### WHAT TO WORK ON
If a record holds a picture, drop the picture and repeat everything else word for word.

......

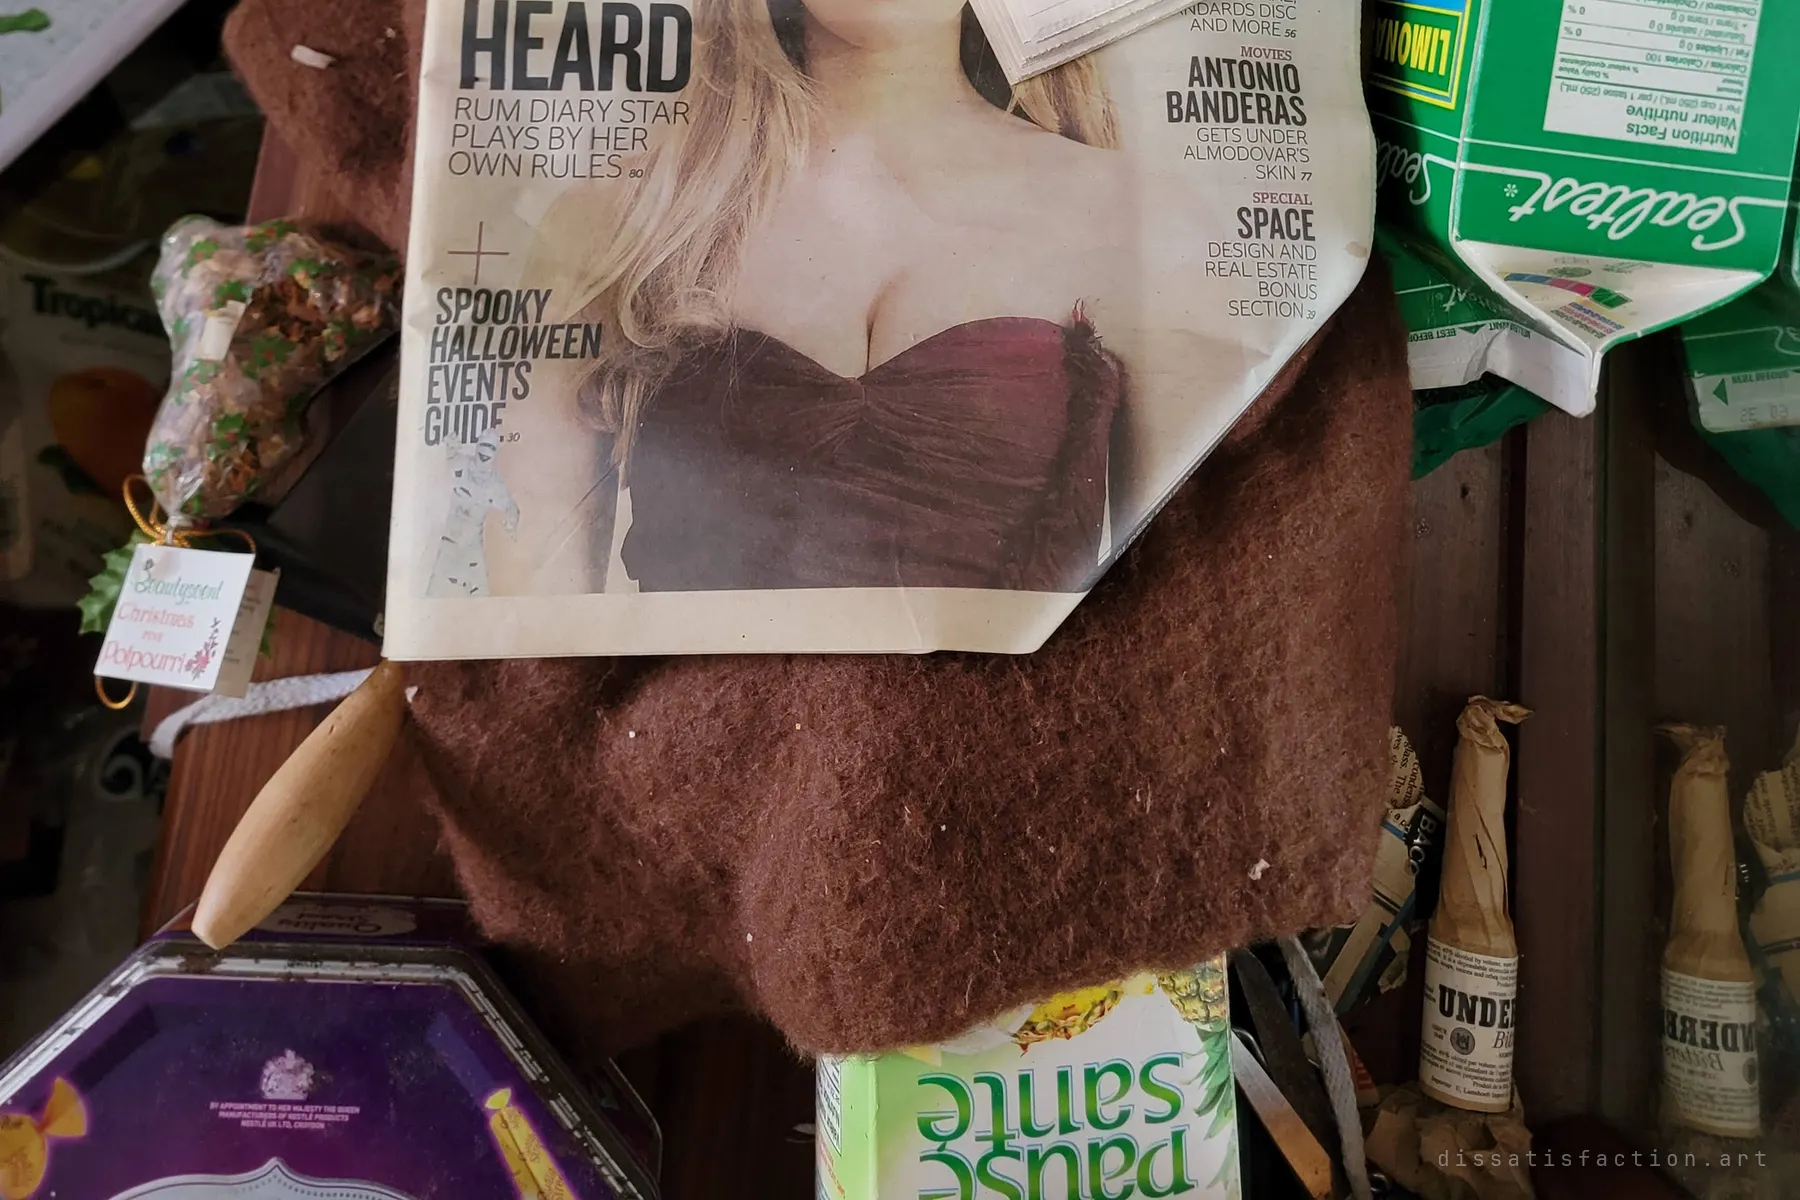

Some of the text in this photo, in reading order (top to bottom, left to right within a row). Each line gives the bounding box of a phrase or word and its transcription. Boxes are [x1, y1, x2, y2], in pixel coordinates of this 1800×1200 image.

[1259, 4, 1297, 20] DISC
[1190, 18, 1297, 38] AND MORE 56
[459, 0, 693, 93] HEARD
[1240, 46, 1292, 61] MOVIES
[1645, 53, 1662, 62] 100
[1188, 56, 1301, 94] ANTONIO
[454, 97, 690, 125] RUM DIARY STAR
[1166, 91, 1307, 126] BANDERAS
[1625, 104, 1737, 131] Valeur nutritive
[451, 124, 649, 151] PLAYS BY HER
[1196, 127, 1308, 145] GETS UNDER
[1625, 122, 1736, 148] Nutrition Facts
[448, 151, 644, 179] OWN RULES 80
[1183, 145, 1310, 163] ALMODOVAR'S
[1255, 165, 1313, 181] SKIN 77
[1252, 192, 1313, 206] SPECIAL
[1508, 174, 1745, 251] Sealtest
[1236, 206, 1316, 241] SPACE
[1207, 241, 1317, 261] DESIGN AND
[1205, 261, 1318, 281] REAL ESTATE
[1258, 281, 1318, 299] BONUS
[436, 287, 552, 325] SPOOKY
[1228, 300, 1316, 320] SECTION 39
[430, 323, 602, 364] HALLOWEEN
[1436, 328, 1456, 338] BEST
[427, 360, 532, 405] EVENTS
[424, 402, 521, 446] GUIDE 30
[117, 601, 195, 628] Christmas
[103, 640, 186, 673] Potpourri
[916, 1052, 1184, 1148] santé
[919, 1124, 1199, 1200] pause

......

### TASK ANSWER
Some of the text in this photo, in reading order (top to bottom, left to right within a row). Each line gives the bounding box of a phrase or word and its transcription. Boxes are [x1, y1, x2, y2], in pixel coordinates of this 1800×1200 image.

[1259, 4, 1297, 20] DISC
[1190, 18, 1297, 38] AND MORE 56
[459, 0, 693, 93] HEARD
[1240, 46, 1292, 61] MOVIES
[1645, 53, 1662, 62] 100
[1188, 56, 1301, 94] ANTONIO
[454, 97, 690, 125] RUM DIARY STAR
[1166, 91, 1307, 126] BANDERAS
[1625, 104, 1737, 131] Valeur nutritive
[451, 124, 649, 151] PLAYS BY HER
[1196, 127, 1308, 145] GETS UNDER
[1625, 122, 1736, 148] Nutrition Facts
[448, 151, 644, 179] OWN RULES 80
[1183, 145, 1310, 163] ALMODOVAR'S
[1255, 165, 1313, 181] SKIN 77
[1252, 192, 1313, 206] SPECIAL
[1508, 174, 1745, 251] Sealtest
[1236, 206, 1316, 241] SPACE
[1207, 241, 1317, 261] DESIGN AND
[1205, 261, 1318, 281] REAL ESTATE
[1258, 281, 1318, 299] BONUS
[436, 287, 552, 325] SPOOKY
[1228, 300, 1316, 320] SECTION 39
[430, 323, 602, 364] HALLOWEEN
[1436, 328, 1456, 338] BEST
[427, 360, 532, 405] EVENTS
[424, 402, 521, 446] GUIDE 30
[117, 601, 195, 628] Christmas
[103, 640, 186, 673] Potpourri
[916, 1052, 1184, 1148] santé
[919, 1124, 1199, 1200] pause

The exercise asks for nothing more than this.